Try it:
Return each entry word for word and skip its pictures.

Exercise material:
•••

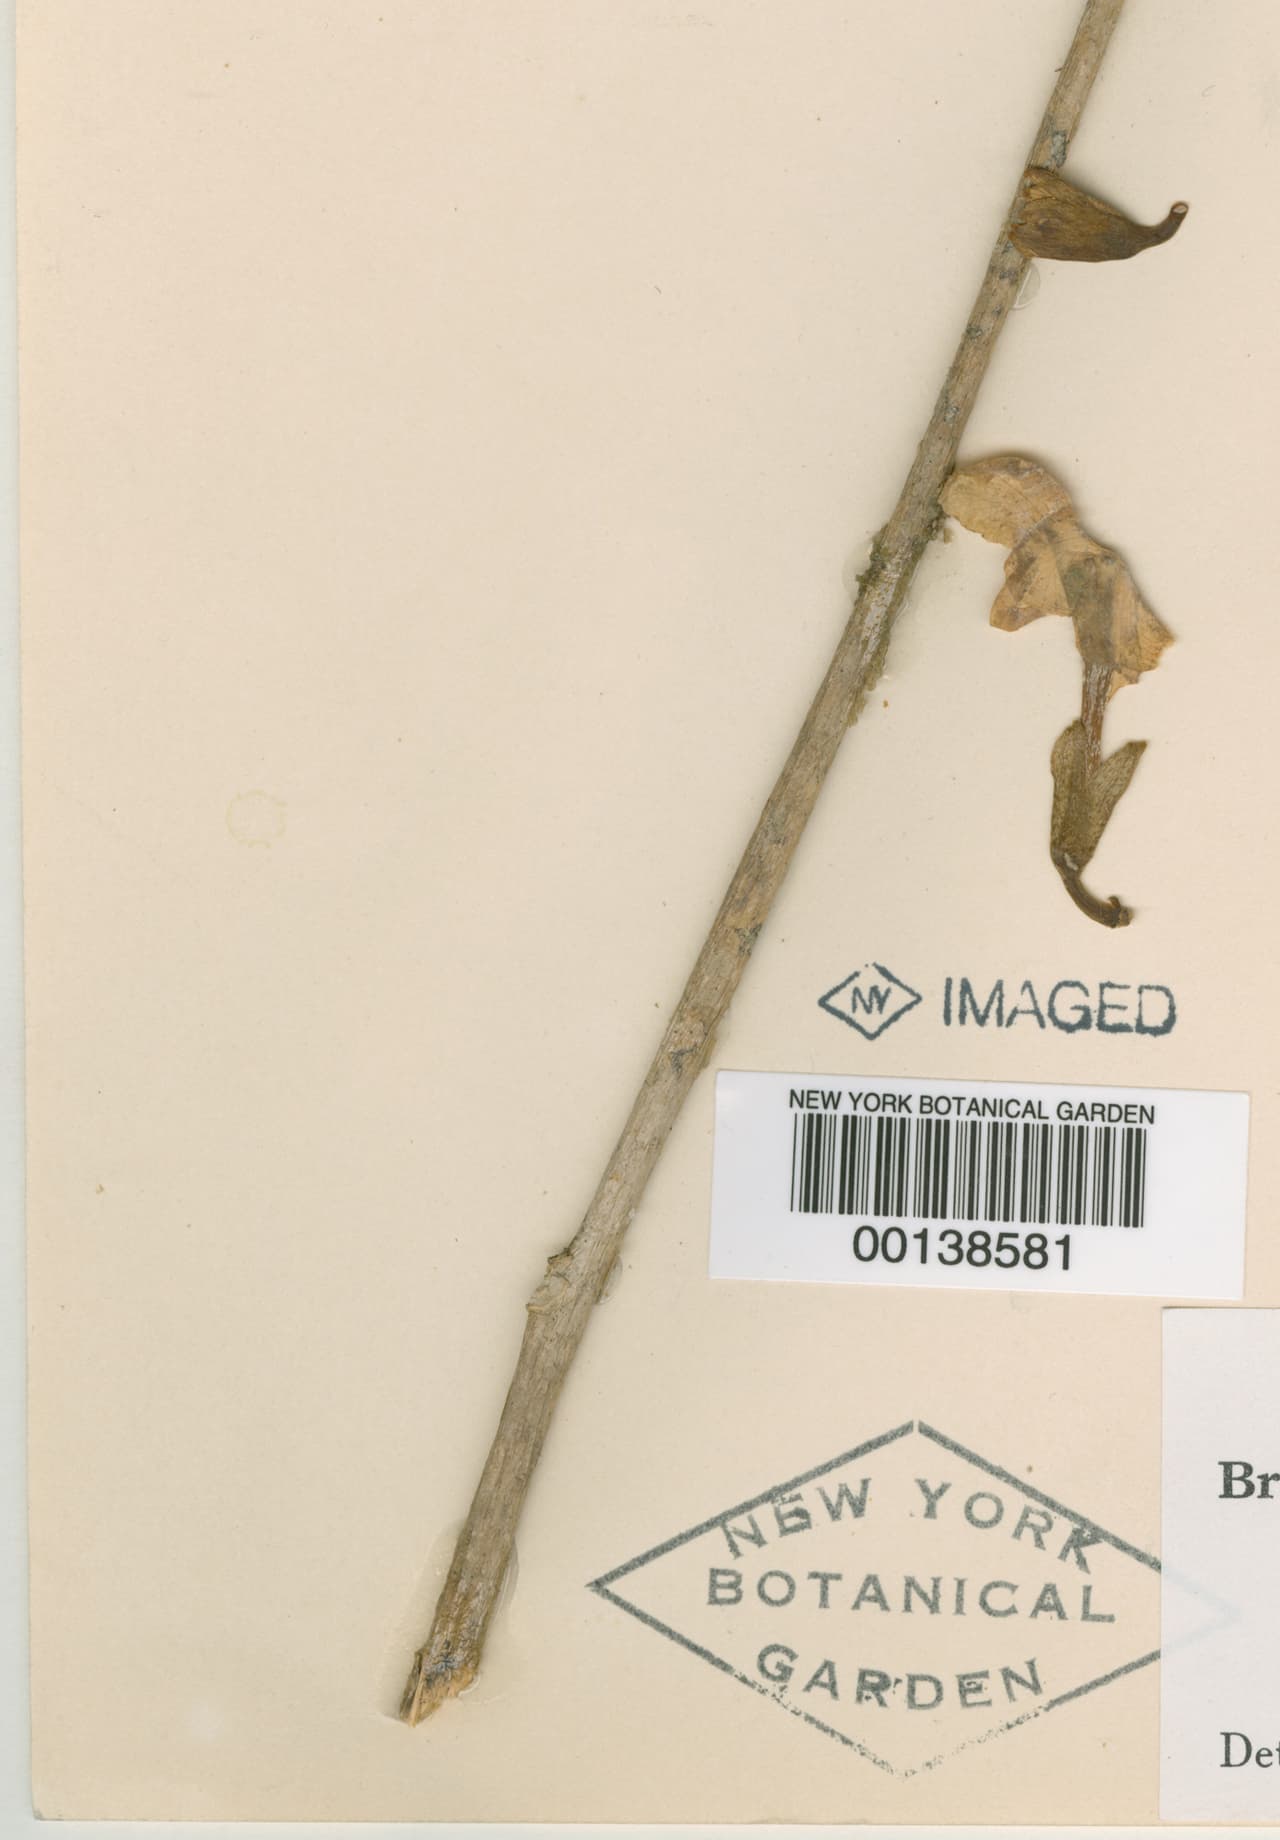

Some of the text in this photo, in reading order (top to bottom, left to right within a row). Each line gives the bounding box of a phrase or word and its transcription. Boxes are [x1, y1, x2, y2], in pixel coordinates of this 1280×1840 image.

[942, 976, 1177, 1038] IMAGED
[788, 1088, 1156, 1126] NEW YORK BOTANICAL GARDEN
[852, 1224, 1071, 1272] 00138581
[719, 1477, 1108, 1573] NEW YORK
[706, 1566, 1116, 1623] BOTANICAL
[753, 1640, 1052, 1714] GARDEN
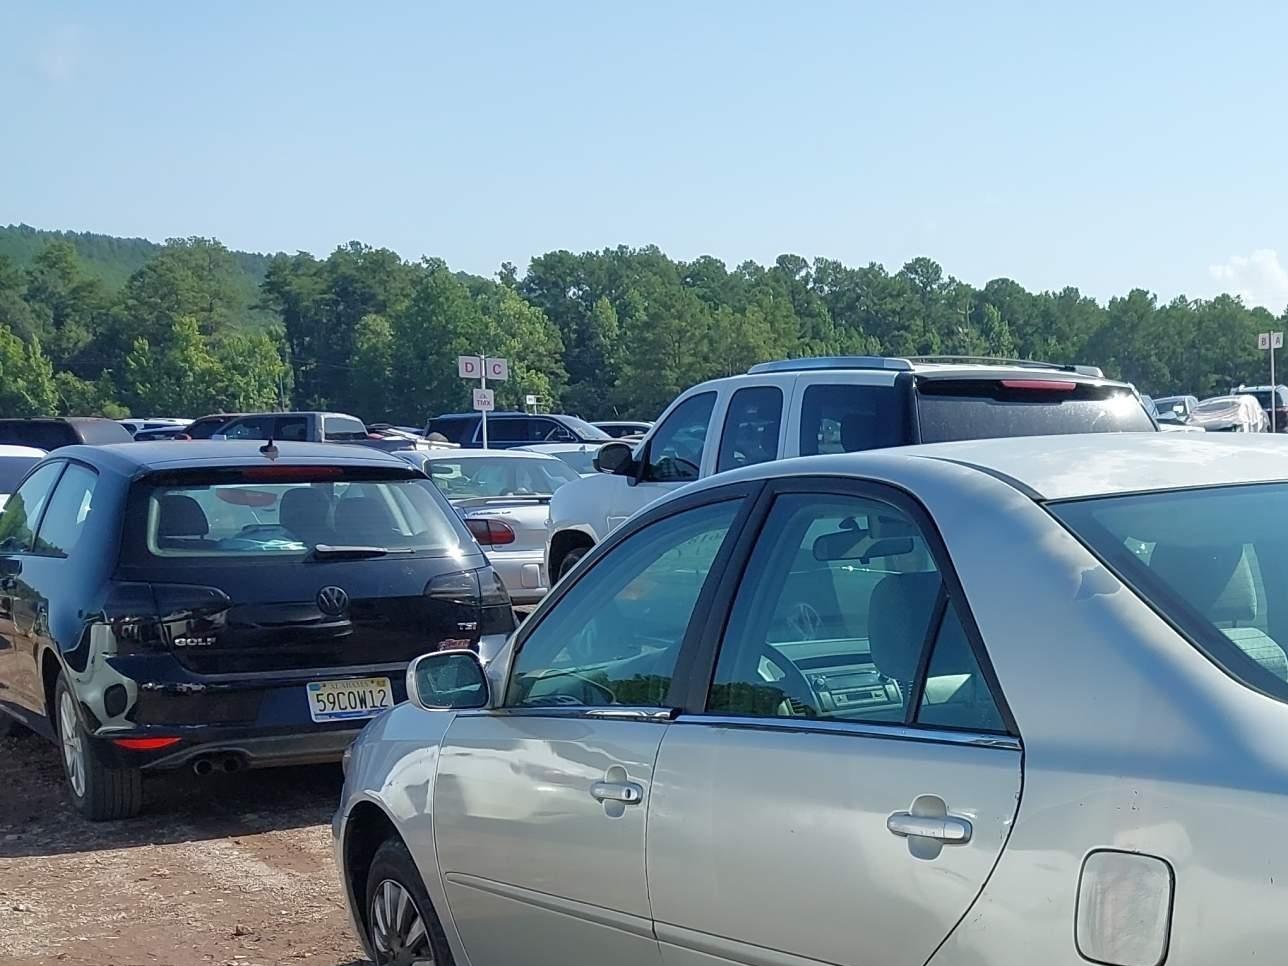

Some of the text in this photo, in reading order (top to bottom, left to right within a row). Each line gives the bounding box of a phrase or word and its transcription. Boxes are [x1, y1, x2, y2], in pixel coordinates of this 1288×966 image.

[465, 362, 475, 373] D
[493, 363, 502, 376] C
[457, 621, 478, 631] TSI
[174, 636, 217, 647] GOLF

•••

Solution:
Some of the text in this photo, in reading order (top to bottom, left to right within a row). Each line gives the bounding box of a phrase or word and its transcription. Boxes are [x1, y1, x2, y2], in pixel coordinates of this 1280×1840 image.

[942, 976, 1177, 1038] IMAGED
[788, 1088, 1156, 1126] NEW YORK BOTANICAL GARDEN
[852, 1224, 1071, 1272] 00138581
[719, 1477, 1108, 1573] NEW YORK
[706, 1566, 1116, 1623] BOTANICAL
[753, 1640, 1052, 1714] GARDEN

Some of the text in this photo, in reading order (top to bottom, left to right within a row). Each line gives the bounding box of a phrase or word and its transcription. Boxes are [x1, y1, x2, y2], in pixel coordinates of this 1288×966 image.

[465, 362, 475, 373] D
[493, 363, 502, 376] C
[457, 621, 478, 631] TSI
[174, 636, 217, 647] GOLF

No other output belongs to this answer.